Di suatu siang yang dilembutkan gerimis, ruang auditorium Pabrik Gula Panji telah didekorasi jadi tempat pesta pernikahan. Ada meja-meja dengan hidangan dan minuman. Pelaminan yang didominasi warna putih, dan sebuah piano di sudut kiri yang dihiasi ornamen bunga-bunga cerah. Nalea duduk di depan piano itu, mengenakan gaun hitam, bukan karena berkabung, tetapi karena itu satu-satunya pakaian yang terasa pas untuk hari ini. Piano itu belum dimainkannya, ia masih duduk diam, menunggu pembawa acara selesai menyapa tamu-tamu yang baru datang.

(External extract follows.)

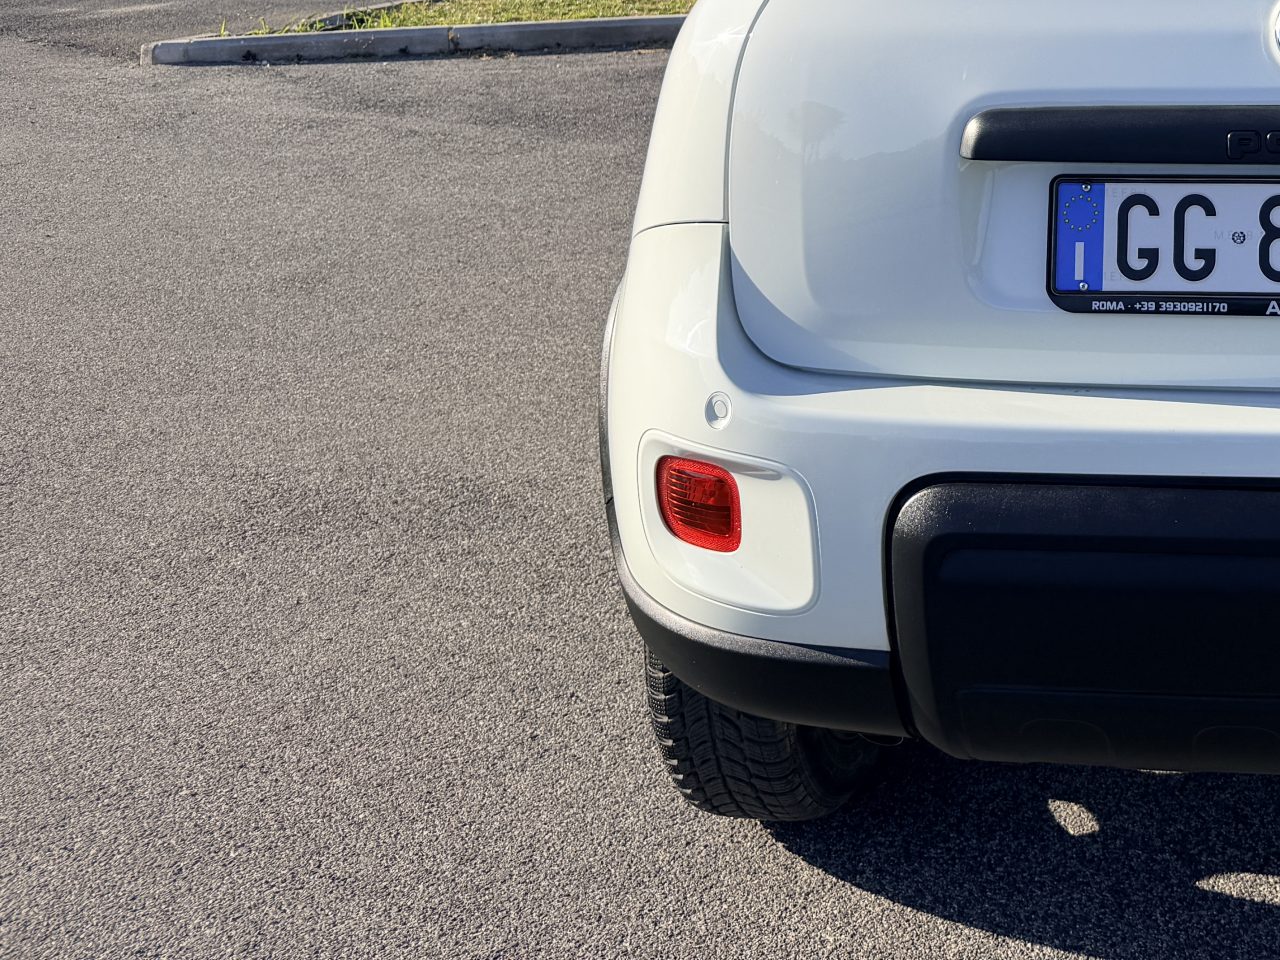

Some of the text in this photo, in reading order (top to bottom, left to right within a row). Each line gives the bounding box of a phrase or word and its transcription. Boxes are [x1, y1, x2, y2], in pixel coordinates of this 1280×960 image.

Nalea memang cukup pandai bermain piano, tapi biasanya ia hanya bermain di acara ulang tahun anak orang-orang kaya dengan bayaran tak seberapa. Ia terbiasa memainkan lagu-lagu bahagia untuk anak-anak yang ceria. Baru hari ini, untuk pertama kalinya ia diminta bermain piano di acara pernikahan. Tapi ia hanya diminta memainkan satu lagu saja: Canon in D. Dan pernikahan itu, sayang sekali, adalah pernikahan Alif, mantan kekasihnya…
Undangan itu, seperti yang telah diantisipasinya, datang sebulan lalu. Bersama undangan itu ada sepucuk surat, yang meminta Nalea memainkan Canon in D, sebab, kata Alif, yang Nalea hapal bentuk tulisan tangannya di surat itu, hanya Nalea yang bisa memainkannya dengan “jiwa”. Seharusnya Nalea menolak, tapi entahlah—mungkin didorong oleh rasa ingin menunjukkan bahwa dia telah move on, atau mungkin hanya karena kebodohan—yang membuatnya menyanggupi permintaan itu.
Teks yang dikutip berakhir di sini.